Extracted data:
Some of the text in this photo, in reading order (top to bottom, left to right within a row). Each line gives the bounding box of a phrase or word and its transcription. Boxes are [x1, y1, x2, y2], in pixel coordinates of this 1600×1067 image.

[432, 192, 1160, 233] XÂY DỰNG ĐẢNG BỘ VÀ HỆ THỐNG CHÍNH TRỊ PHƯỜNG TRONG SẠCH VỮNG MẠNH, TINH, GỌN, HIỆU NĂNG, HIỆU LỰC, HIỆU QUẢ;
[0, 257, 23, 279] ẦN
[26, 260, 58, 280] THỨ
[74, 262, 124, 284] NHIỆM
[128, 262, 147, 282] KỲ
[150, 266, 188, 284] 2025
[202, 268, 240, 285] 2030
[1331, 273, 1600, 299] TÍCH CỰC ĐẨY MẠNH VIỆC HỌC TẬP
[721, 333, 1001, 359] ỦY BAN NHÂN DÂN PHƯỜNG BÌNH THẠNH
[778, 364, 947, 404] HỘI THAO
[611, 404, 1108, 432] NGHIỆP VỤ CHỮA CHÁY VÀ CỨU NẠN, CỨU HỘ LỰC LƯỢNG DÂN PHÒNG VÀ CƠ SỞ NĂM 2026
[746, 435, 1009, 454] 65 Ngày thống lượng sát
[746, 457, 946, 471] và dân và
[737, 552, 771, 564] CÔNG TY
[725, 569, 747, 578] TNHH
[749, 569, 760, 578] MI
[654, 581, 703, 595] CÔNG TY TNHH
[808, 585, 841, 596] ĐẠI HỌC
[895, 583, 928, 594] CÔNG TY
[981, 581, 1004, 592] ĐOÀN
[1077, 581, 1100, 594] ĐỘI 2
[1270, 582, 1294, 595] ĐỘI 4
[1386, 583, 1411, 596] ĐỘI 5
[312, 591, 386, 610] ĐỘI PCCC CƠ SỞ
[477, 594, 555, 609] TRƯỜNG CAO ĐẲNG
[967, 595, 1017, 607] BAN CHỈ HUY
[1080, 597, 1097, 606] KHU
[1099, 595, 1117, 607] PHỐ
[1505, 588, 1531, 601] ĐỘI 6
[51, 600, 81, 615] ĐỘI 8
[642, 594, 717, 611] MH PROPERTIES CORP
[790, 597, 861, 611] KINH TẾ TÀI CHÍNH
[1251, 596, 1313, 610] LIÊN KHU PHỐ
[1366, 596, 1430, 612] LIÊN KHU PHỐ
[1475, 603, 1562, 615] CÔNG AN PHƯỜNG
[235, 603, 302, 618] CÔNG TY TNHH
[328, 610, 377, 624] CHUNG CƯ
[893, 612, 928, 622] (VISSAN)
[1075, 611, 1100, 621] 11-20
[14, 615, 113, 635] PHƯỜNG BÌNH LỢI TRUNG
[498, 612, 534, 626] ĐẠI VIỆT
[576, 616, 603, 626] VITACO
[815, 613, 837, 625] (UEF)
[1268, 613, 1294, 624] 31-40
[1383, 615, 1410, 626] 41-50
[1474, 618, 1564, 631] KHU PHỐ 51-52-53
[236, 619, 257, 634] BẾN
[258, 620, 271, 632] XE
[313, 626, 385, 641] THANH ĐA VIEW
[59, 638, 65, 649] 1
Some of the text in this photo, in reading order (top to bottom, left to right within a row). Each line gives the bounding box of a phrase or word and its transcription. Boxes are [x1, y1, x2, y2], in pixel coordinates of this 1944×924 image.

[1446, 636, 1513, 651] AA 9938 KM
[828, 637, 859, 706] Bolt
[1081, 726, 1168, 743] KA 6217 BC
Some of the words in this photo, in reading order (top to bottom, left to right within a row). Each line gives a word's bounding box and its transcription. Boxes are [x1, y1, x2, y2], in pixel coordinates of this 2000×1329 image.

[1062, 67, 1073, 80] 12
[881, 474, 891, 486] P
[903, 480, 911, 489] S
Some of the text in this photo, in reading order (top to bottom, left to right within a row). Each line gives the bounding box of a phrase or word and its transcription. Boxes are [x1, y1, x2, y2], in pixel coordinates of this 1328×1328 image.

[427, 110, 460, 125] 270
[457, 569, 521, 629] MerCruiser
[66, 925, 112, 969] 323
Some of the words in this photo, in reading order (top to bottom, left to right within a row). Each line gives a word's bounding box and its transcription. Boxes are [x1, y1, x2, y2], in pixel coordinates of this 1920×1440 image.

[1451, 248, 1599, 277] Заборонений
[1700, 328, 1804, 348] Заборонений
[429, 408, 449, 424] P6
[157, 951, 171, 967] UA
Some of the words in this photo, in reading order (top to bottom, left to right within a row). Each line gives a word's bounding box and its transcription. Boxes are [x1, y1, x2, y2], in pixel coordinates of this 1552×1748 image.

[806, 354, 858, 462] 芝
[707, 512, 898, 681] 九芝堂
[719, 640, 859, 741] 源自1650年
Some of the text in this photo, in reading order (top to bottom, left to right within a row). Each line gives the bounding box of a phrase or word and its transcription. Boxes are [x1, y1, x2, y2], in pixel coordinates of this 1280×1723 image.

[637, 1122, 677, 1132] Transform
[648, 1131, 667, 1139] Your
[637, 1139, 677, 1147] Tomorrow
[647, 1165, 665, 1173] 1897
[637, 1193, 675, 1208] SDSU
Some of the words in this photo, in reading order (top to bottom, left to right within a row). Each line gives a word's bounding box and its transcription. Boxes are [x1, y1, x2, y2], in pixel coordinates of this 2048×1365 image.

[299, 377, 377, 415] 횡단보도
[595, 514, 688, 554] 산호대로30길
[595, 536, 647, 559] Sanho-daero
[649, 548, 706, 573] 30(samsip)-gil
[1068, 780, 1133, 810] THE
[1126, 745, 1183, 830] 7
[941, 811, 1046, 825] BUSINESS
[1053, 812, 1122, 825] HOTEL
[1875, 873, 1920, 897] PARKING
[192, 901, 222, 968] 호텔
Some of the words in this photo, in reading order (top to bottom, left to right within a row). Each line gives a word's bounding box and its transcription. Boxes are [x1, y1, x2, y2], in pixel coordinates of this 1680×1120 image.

Activity: Write out the data above once more, exactly as it stands.

Answer section:
Some of the text in this photo, in reading order (top to bottom, left to right within a row). Each line gives the bounding box of a phrase or word and its transcription. Boxes are [x1, y1, x2, y2], in pixel coordinates of this 1600×1067 image.

[432, 192, 1160, 233] XÂY DỰNG ĐẢNG BỘ VÀ HỆ THỐNG CHÍNH TRỊ PHƯỜNG TRONG SẠCH VỮNG MẠNH, TINH, GỌN, HIỆU NĂNG, HIỆU LỰC, HIỆU QUẢ;
[0, 257, 23, 279] ẦN
[26, 260, 58, 280] THỨ
[74, 262, 124, 284] NHIỆM
[128, 262, 147, 282] KỲ
[150, 266, 188, 284] 2025
[202, 268, 240, 285] 2030
[1331, 273, 1600, 299] TÍCH CỰC ĐẨY MẠNH VIỆC HỌC TẬP
[721, 333, 1001, 359] ỦY BAN NHÂN DÂN PHƯỜNG BÌNH THẠNH
[778, 364, 947, 404] HỘI THAO
[611, 404, 1108, 432] NGHIỆP VỤ CHỮA CHÁY VÀ CỨU NẠN, CỨU HỘ LỰC LƯỢNG DÂN PHÒNG VÀ CƠ SỞ NĂM 2026
[746, 435, 1009, 454] 65 Ngày thống lượng sát
[746, 457, 946, 471] và dân và
[737, 552, 771, 564] CÔNG TY
[725, 569, 747, 578] TNHH
[749, 569, 760, 578] MI
[654, 581, 703, 595] CÔNG TY TNHH
[808, 585, 841, 596] ĐẠI HỌC
[895, 583, 928, 594] CÔNG TY
[981, 581, 1004, 592] ĐOÀN
[1077, 581, 1100, 594] ĐỘI 2
[1270, 582, 1294, 595] ĐỘI 4
[1386, 583, 1411, 596] ĐỘI 5
[312, 591, 386, 610] ĐỘI PCCC CƠ SỞ
[477, 594, 555, 609] TRƯỜNG CAO ĐẲNG
[967, 595, 1017, 607] BAN CHỈ HUY
[1080, 597, 1097, 606] KHU
[1099, 595, 1117, 607] PHỐ
[1505, 588, 1531, 601] ĐỘI 6
[51, 600, 81, 615] ĐỘI 8
[642, 594, 717, 611] MH PROPERTIES CORP
[790, 597, 861, 611] KINH TẾ TÀI CHÍNH
[1251, 596, 1313, 610] LIÊN KHU PHỐ
[1366, 596, 1430, 612] LIÊN KHU PHỐ
[1475, 603, 1562, 615] CÔNG AN PHƯỜNG
[235, 603, 302, 618] CÔNG TY TNHH
[328, 610, 377, 624] CHUNG CƯ
[893, 612, 928, 622] (VISSAN)
[1075, 611, 1100, 621] 11-20
[14, 615, 113, 635] PHƯỜNG BÌNH LỢI TRUNG
[498, 612, 534, 626] ĐẠI VIỆT
[576, 616, 603, 626] VITACO
[815, 613, 837, 625] (UEF)
[1268, 613, 1294, 624] 31-40
[1383, 615, 1410, 626] 41-50
[1474, 618, 1564, 631] KHU PHỐ 51-52-53
[236, 619, 257, 634] BẾN
[258, 620, 271, 632] XE
[313, 626, 385, 641] THANH ĐA VIEW
[59, 638, 65, 649] 1
Some of the text in this photo, in reading order (top to bottom, left to right within a row). Each line gives the bounding box of a phrase or word and its transcription. Boxes are [x1, y1, x2, y2], in pixel coordinates of this 1944×924 image.

[1446, 636, 1513, 651] AA 9938 KM
[828, 637, 859, 706] Bolt
[1081, 726, 1168, 743] KA 6217 BC
Some of the words in this photo, in reading order (top to bottom, left to right within a row). Each line gives a word's bounding box and its transcription. Boxes are [x1, y1, x2, y2], in pixel coordinates of this 2000×1329 image.

[1062, 67, 1073, 80] 12
[881, 474, 891, 486] P
[903, 480, 911, 489] S
Some of the text in this photo, in reading order (top to bottom, left to right within a row). Each line gives the bounding box of a phrase or word and its transcription. Boxes are [x1, y1, x2, y2], in pixel coordinates of this 1328×1328 image.

[427, 110, 460, 125] 270
[457, 569, 521, 629] MerCruiser
[66, 925, 112, 969] 323
Some of the words in this photo, in reading order (top to bottom, left to right within a row). Each line gives a word's bounding box and its transcription. Boxes are [x1, y1, x2, y2], in pixel coordinates of this 1920×1440 image.

[1451, 248, 1599, 277] Заборонений
[1700, 328, 1804, 348] Заборонений
[429, 408, 449, 424] P6
[157, 951, 171, 967] UA
Some of the words in this photo, in reading order (top to bottom, left to right within a row). Each line gives a word's bounding box and its transcription. Boxes are [x1, y1, x2, y2], in pixel coordinates of this 1552×1748 image.

[806, 354, 858, 462] 芝
[707, 512, 898, 681] 九芝堂
[719, 640, 859, 741] 源自1650年
Some of the text in this photo, in reading order (top to bottom, left to right within a row). Each line gives the bounding box of a phrase or word and its transcription. Boxes are [x1, y1, x2, y2], in pixel coordinates of this 1280×1723 image.

[637, 1122, 677, 1132] Transform
[648, 1131, 667, 1139] Your
[637, 1139, 677, 1147] Tomorrow
[647, 1165, 665, 1173] 1897
[637, 1193, 675, 1208] SDSU
Some of the words in this photo, in reading order (top to bottom, left to right within a row). Each line gives a word's bounding box and its transcription. Boxes are [x1, y1, x2, y2], in pixel coordinates of this 2048×1365 image.

[299, 377, 377, 415] 횡단보도
[595, 514, 688, 554] 산호대로30길
[595, 536, 647, 559] Sanho-daero
[649, 548, 706, 573] 30(samsip)-gil
[1068, 780, 1133, 810] THE
[1126, 745, 1183, 830] 7
[941, 811, 1046, 825] BUSINESS
[1053, 812, 1122, 825] HOTEL
[1875, 873, 1920, 897] PARKING
[192, 901, 222, 968] 호텔
Some of the words in this photo, in reading order (top to bottom, left to right within a row). Each line gives a word's bounding box and its transcription. Boxes are [x1, y1, x2, y2], in pixel coordinates of this 1680×1120 image.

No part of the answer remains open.